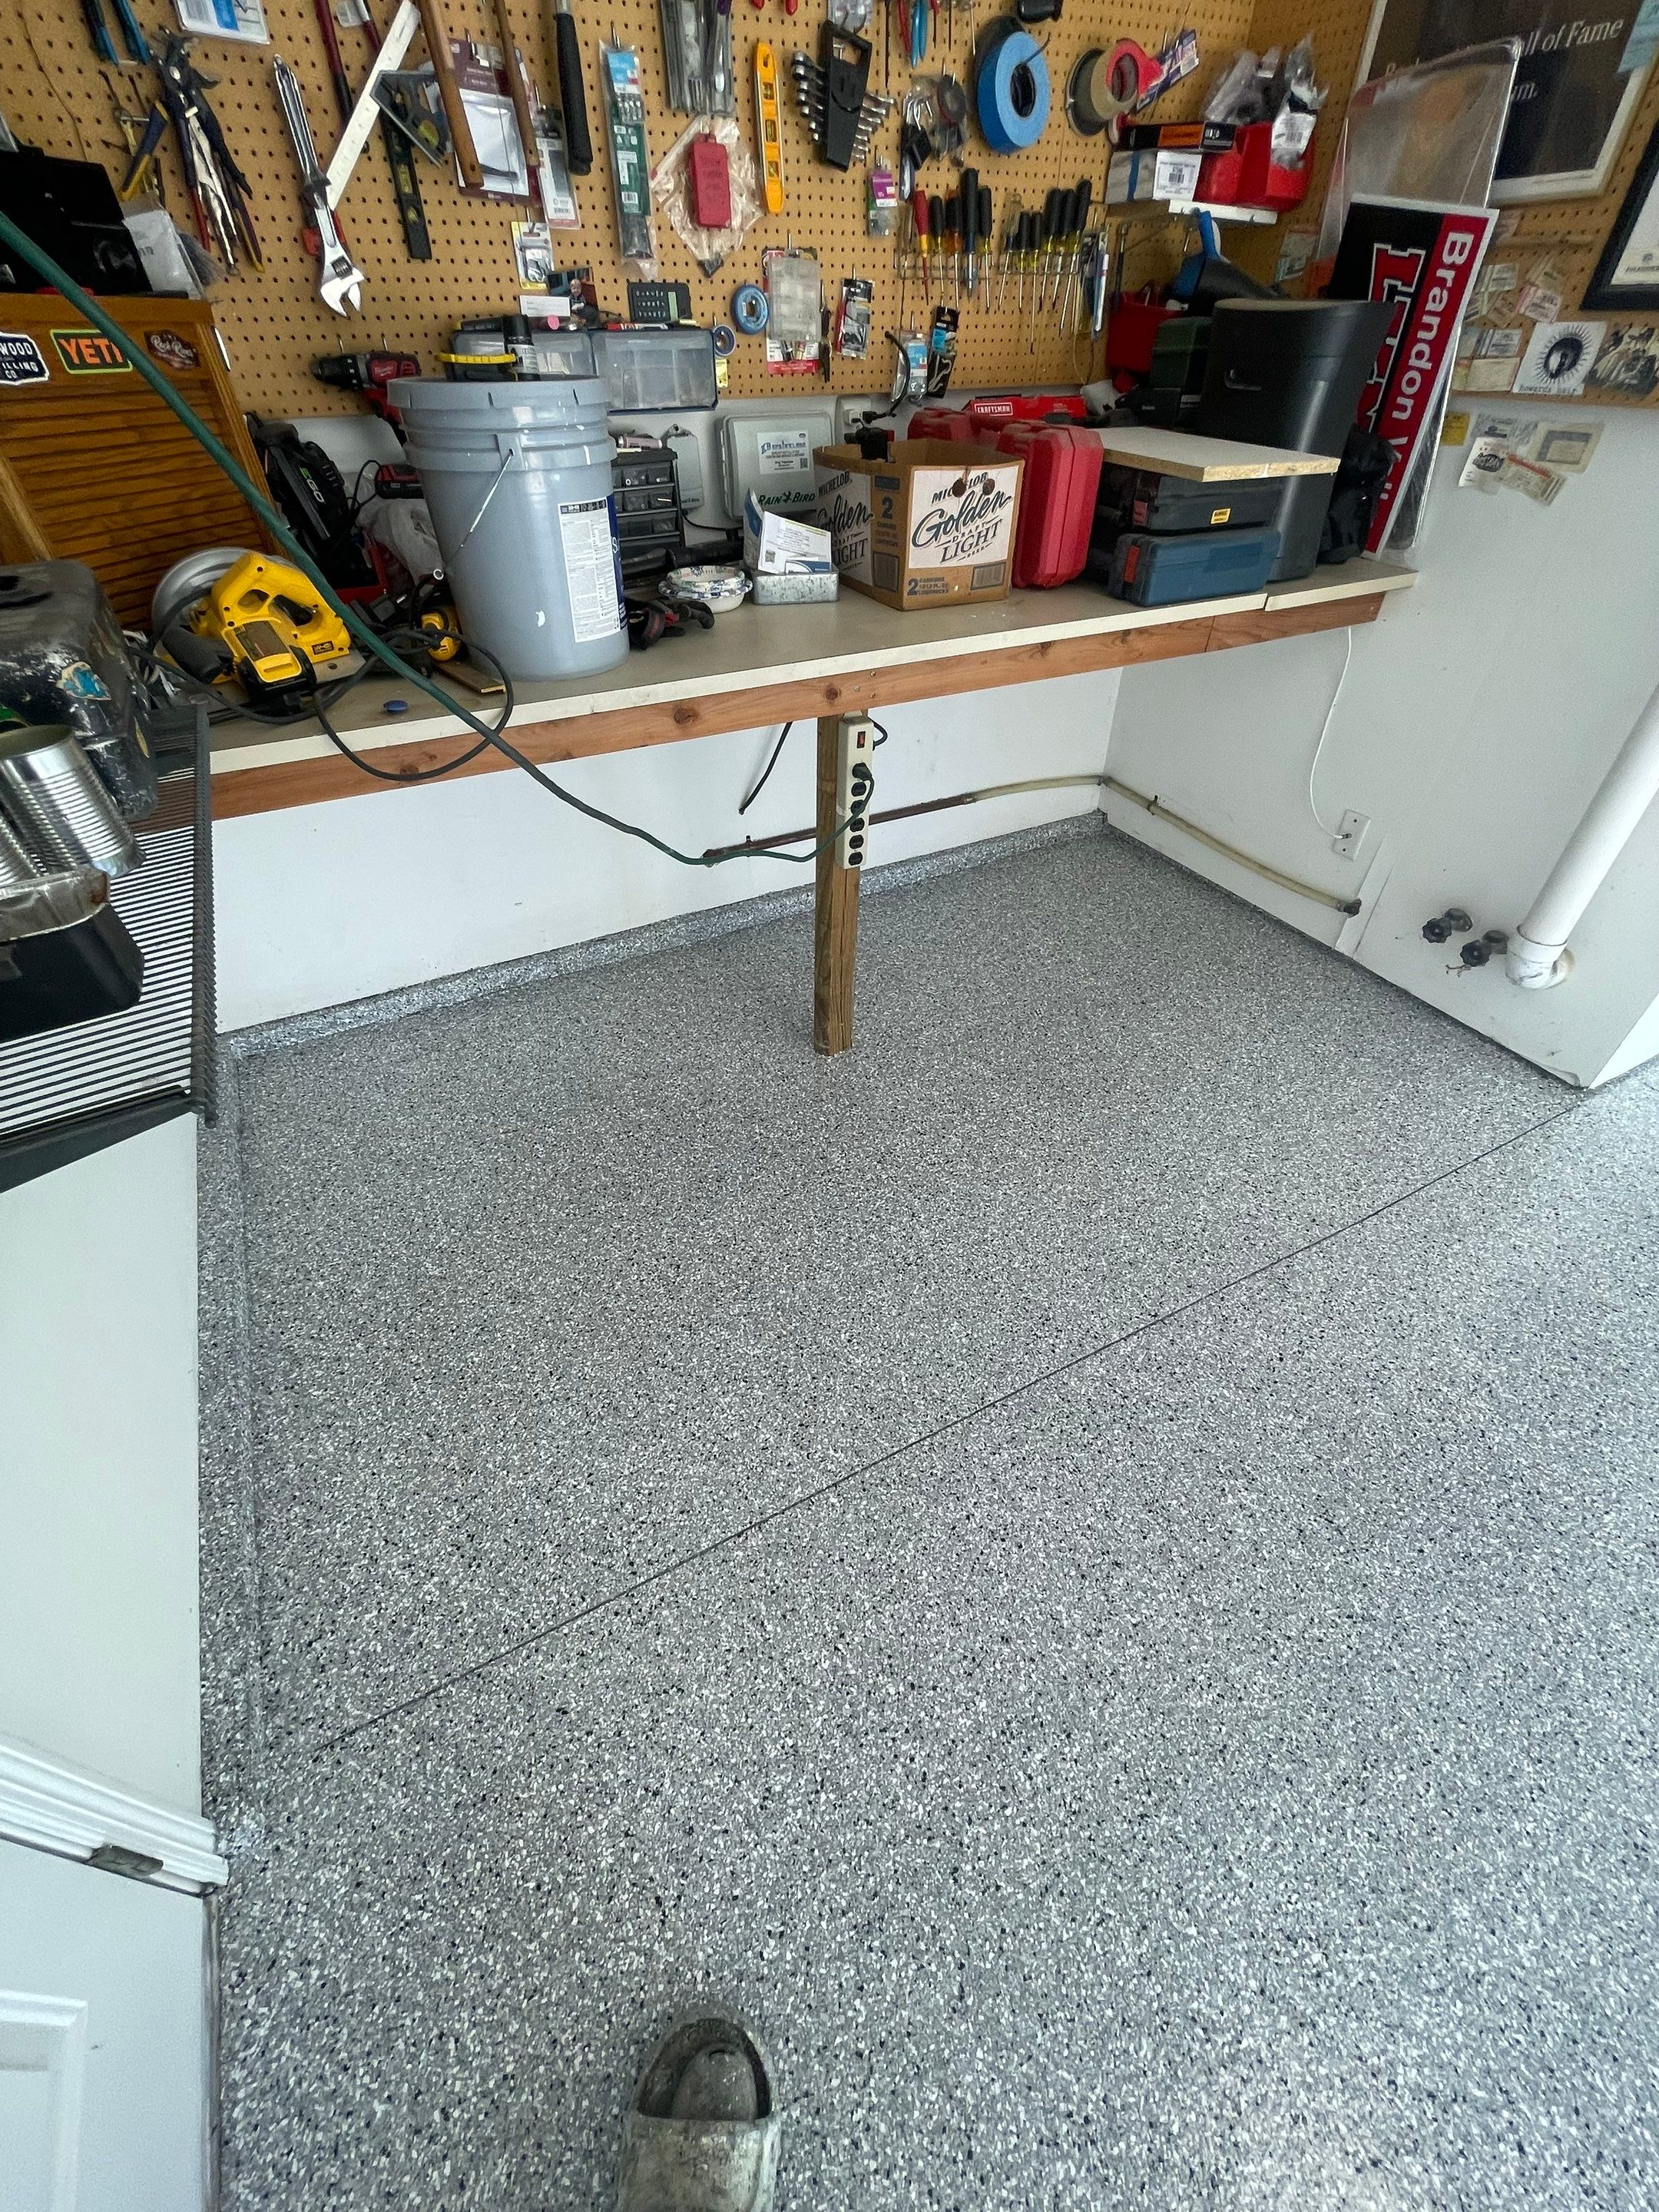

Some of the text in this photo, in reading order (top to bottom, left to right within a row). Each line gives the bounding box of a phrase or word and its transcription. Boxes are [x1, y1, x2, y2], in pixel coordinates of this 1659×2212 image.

[1543, 24, 1565, 51] of
[1565, 18, 1625, 48] Fame
[1392, 232, 1475, 420] Brandon
[58, 338, 124, 364] YETI
[977, 405, 1011, 413] CRAFTSMAN
[759, 492, 816, 505] RAIN BIRD
[932, 472, 988, 504] MICLOB
[882, 496, 893, 519] 2
[912, 490, 1012, 548] Golden
[940, 518, 1002, 564] LIGHT
[907, 578, 919, 595] 2
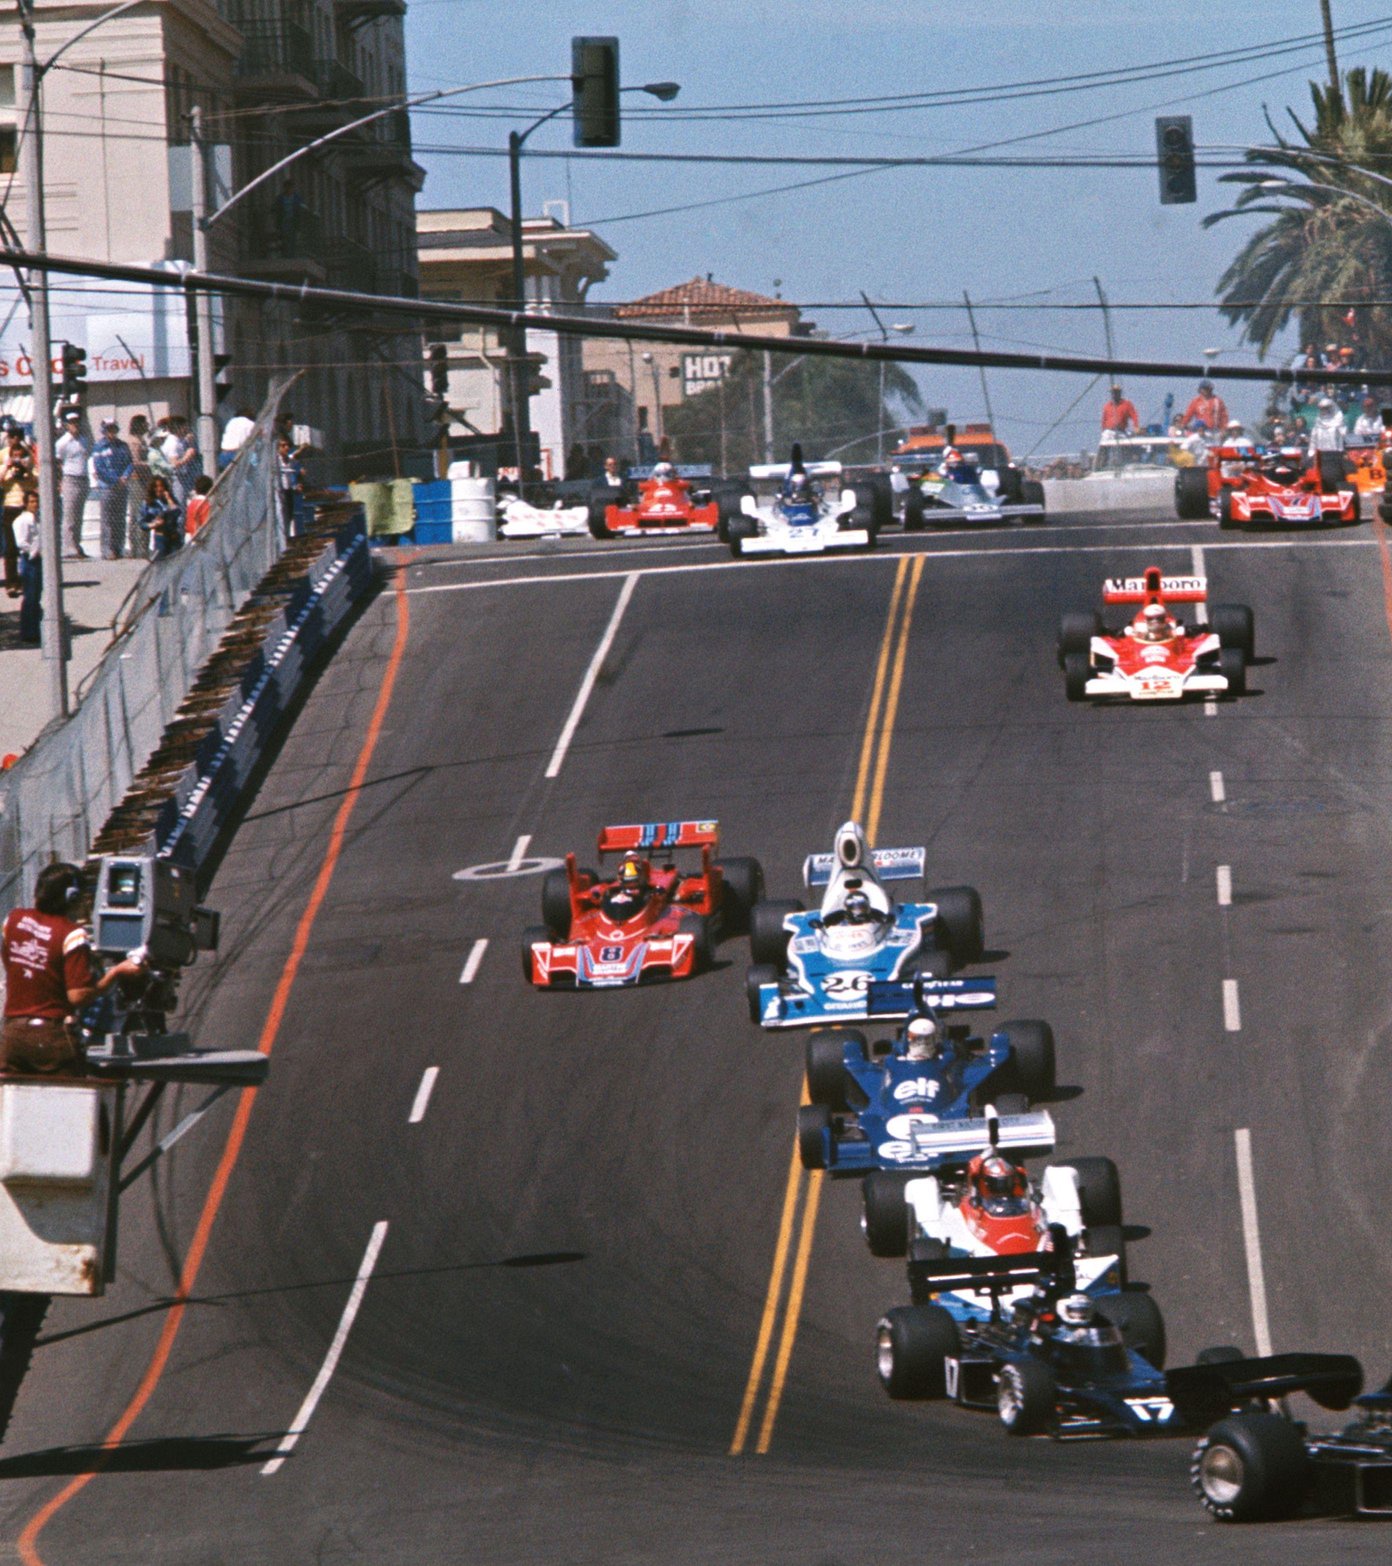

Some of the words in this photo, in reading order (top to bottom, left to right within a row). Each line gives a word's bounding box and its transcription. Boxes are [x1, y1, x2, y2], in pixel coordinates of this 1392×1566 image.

[91, 354, 145, 371] Travel
[1142, 681, 1172, 691] 12
[603, 947, 622, 961] 8
[823, 974, 873, 993] 26
[893, 1077, 940, 1100] elf
[1123, 1397, 1174, 1421] 17

━━━

### What is expected
Pictures should be left out when the records above are restated exactly.

### Reply to the exercise
Some of the text in this photo, in reading order (top to bottom, left to right within a row). Each line gives the bounding box of a phrase or word and its transcription. Boxes are [x1, y1, x2, y2], in pixel coordinates of this 1659×2212 image.

[1543, 24, 1565, 51] of
[1565, 18, 1625, 48] Fame
[1392, 232, 1475, 420] Brandon
[58, 338, 124, 364] YETI
[977, 405, 1011, 413] CRAFTSMAN
[759, 492, 816, 505] RAIN BIRD
[932, 472, 988, 504] MICLOB
[882, 496, 893, 519] 2
[912, 490, 1012, 548] Golden
[940, 518, 1002, 564] LIGHT
[907, 578, 919, 595] 2

Some of the words in this photo, in reading order (top to bottom, left to right within a row). Each line gives a word's bounding box and its transcription. Boxes are [x1, y1, x2, y2], in pixel coordinates of this 1392×1566 image.

[91, 354, 145, 371] Travel
[1142, 681, 1172, 691] 12
[603, 947, 622, 961] 8
[823, 974, 873, 993] 26
[893, 1077, 940, 1100] elf
[1123, 1397, 1174, 1421] 17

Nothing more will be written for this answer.